Una nuova vita era iniziata per Carter. 
Era sul quel maledettissimo aereo diretto all'aeroporto JF. Kennedy di NY, mentre pensava a quanto, era stato fortunato ad aver lasciato Mosca appena in tempo. La sua vecchia "banda" gli stava dando la caccia. Il suo fantomatico amico, non gli avrebbe mai permesso di lasciare il paese dopo aver spifferato che suo fratello era coinvolto in un atto illegale. 
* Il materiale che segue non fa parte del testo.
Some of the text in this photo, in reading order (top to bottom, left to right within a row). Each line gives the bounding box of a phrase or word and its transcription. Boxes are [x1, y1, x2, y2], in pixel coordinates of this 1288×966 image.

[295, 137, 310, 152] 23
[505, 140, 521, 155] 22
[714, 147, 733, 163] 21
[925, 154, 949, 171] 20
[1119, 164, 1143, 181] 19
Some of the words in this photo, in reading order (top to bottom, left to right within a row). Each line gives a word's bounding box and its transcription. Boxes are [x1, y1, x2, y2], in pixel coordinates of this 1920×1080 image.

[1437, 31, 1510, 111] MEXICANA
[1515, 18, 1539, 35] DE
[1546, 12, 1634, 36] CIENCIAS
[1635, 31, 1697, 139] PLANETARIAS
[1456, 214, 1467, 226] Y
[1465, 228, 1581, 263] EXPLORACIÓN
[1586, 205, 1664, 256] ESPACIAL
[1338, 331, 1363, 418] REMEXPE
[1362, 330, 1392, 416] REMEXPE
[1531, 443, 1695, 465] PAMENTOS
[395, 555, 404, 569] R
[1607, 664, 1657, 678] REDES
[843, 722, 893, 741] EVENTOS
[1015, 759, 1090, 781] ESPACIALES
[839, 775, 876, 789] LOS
Carter odiava tutto quel trambusto, dover lasciare andare la sua vita, non che ne avesse mai avuta una ma in un certo qual modo non sopportava il fatto di essere scappato così. Lui solitamente non scappava, rimaneva fino alla fine, ma da morto non poteva vendicarsi di coloro che lo avevano fatto arrestare. 
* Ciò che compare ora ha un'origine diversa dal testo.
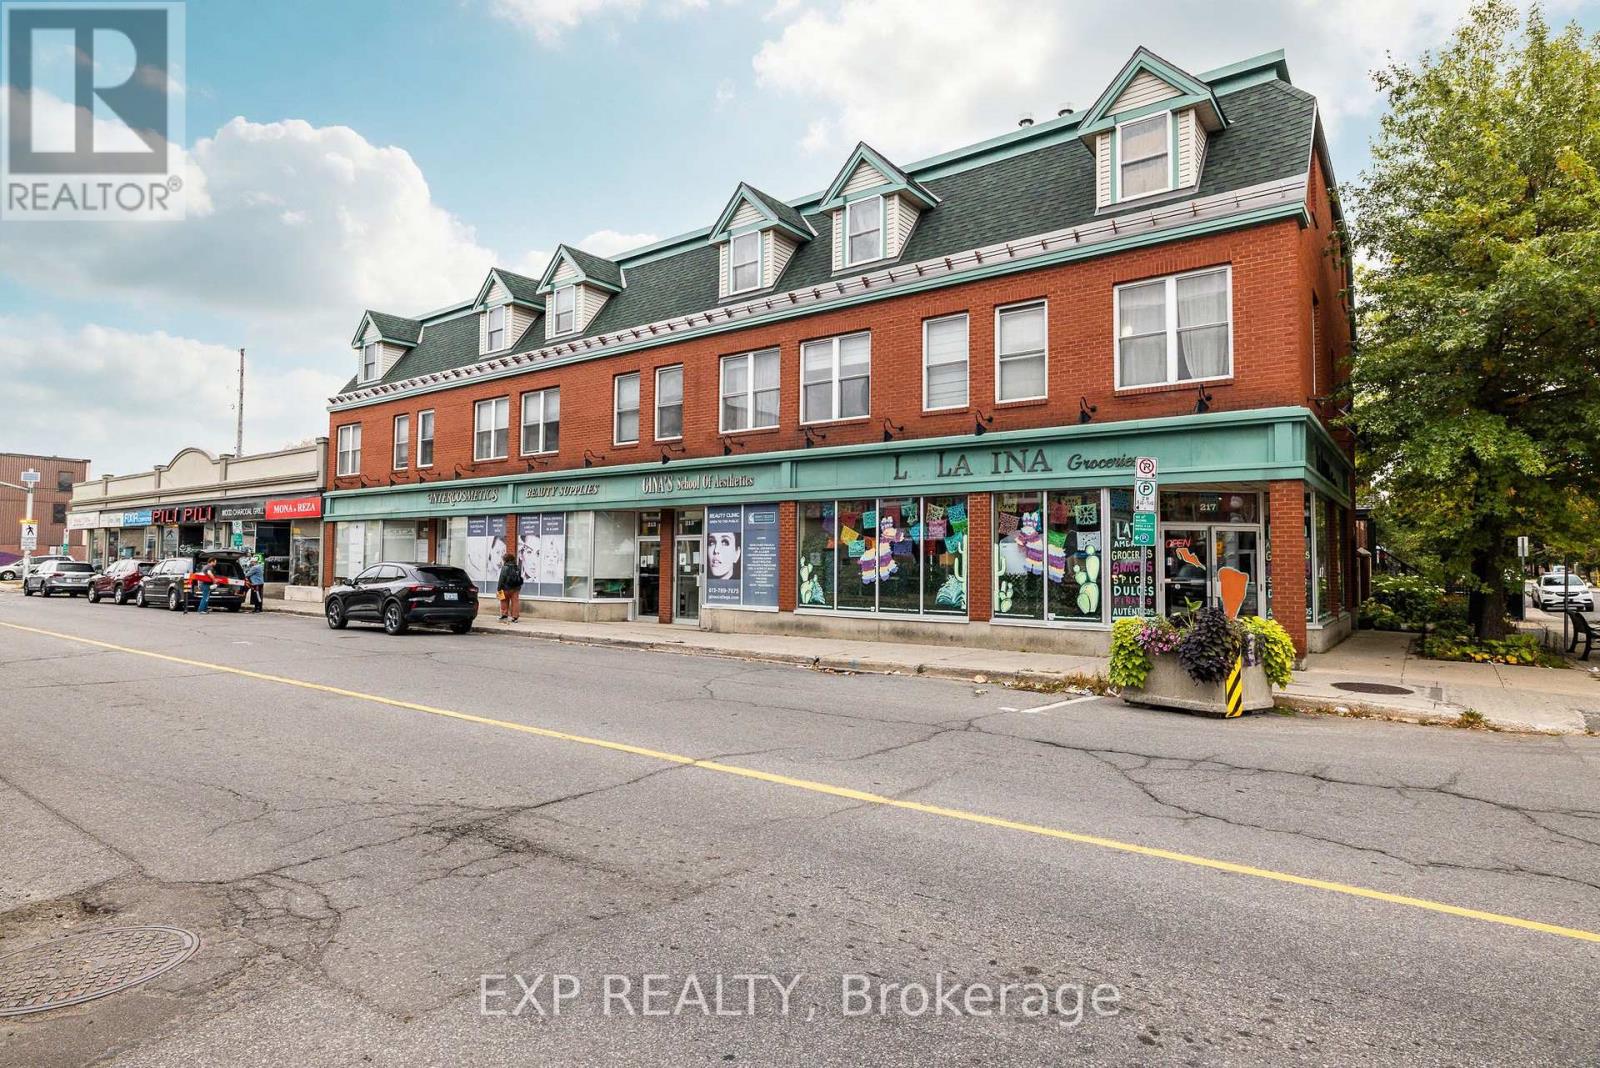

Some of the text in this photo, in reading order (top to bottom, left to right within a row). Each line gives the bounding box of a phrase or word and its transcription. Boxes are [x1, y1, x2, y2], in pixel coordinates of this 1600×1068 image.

[893, 454, 908, 480] L
[937, 451, 974, 478] LA
[991, 448, 1053, 475] INA
[642, 472, 754, 494] GINA'S School Of Aesthetics
[427, 488, 499, 507] INTERCOSMETICS
[526, 484, 600, 499] BEAUTY SUPPLIES
[233, 507, 252, 516] CHARCOAL
[273, 504, 293, 514] MONA
[297, 502, 316, 512] REZA
[1199, 503, 1217, 511] 217
[152, 505, 212, 524] PILI PILI
[1165, 537, 1191, 548] OPEN
[1111, 549, 1153, 561] GROCERS
[1112, 561, 1153, 575] SNACS
[1112, 575, 1153, 585] SPICS
Ebbene sì, il suo fidato gruppo, lo aveva lasciato solo nel bel mezzo di un contrabbando di droghe pesanti provenienti dalla Colombia e lui era rimasto letteralmente fregato. 
Ricordava ancora amaramente mentre era interrogato due anni prima, in quella schifosissima sala d'interrogatori; le sue mani erano giunte, legate, da delle spesse manette di ferro, che impedivano quasi al sangue di defluire alle mani, tanto da sentire dei fastidiosi formicolii percorrergli le dita. Aveva sostenuto più volte lo sguardo del detective, con quella sua aria di sfida e di superiorità, voleva a tutti i costi tenergli testa. Non era servito a molto, poiché una telecamera di un supermercato lo aveva colto sul fatto e gli aveva causato due anni di galera, scontati solo dal patteggiamento che lui aveva avuto con il procuratore.
Ed eccolo lì, tutto solo e pronto per una nuova avventura, chi sa dove l’avrebbe condotto tutto quello. 
Non sapeva precisamente, dove potesse sistemarsi. Il fatto di adattarsi non era mai stato un problema, così decise che avrebbe cercato dei mezzi di fortuna affinché non avesse trovato un lavoro che gli permettesse di trovare un alloggio e viverci. 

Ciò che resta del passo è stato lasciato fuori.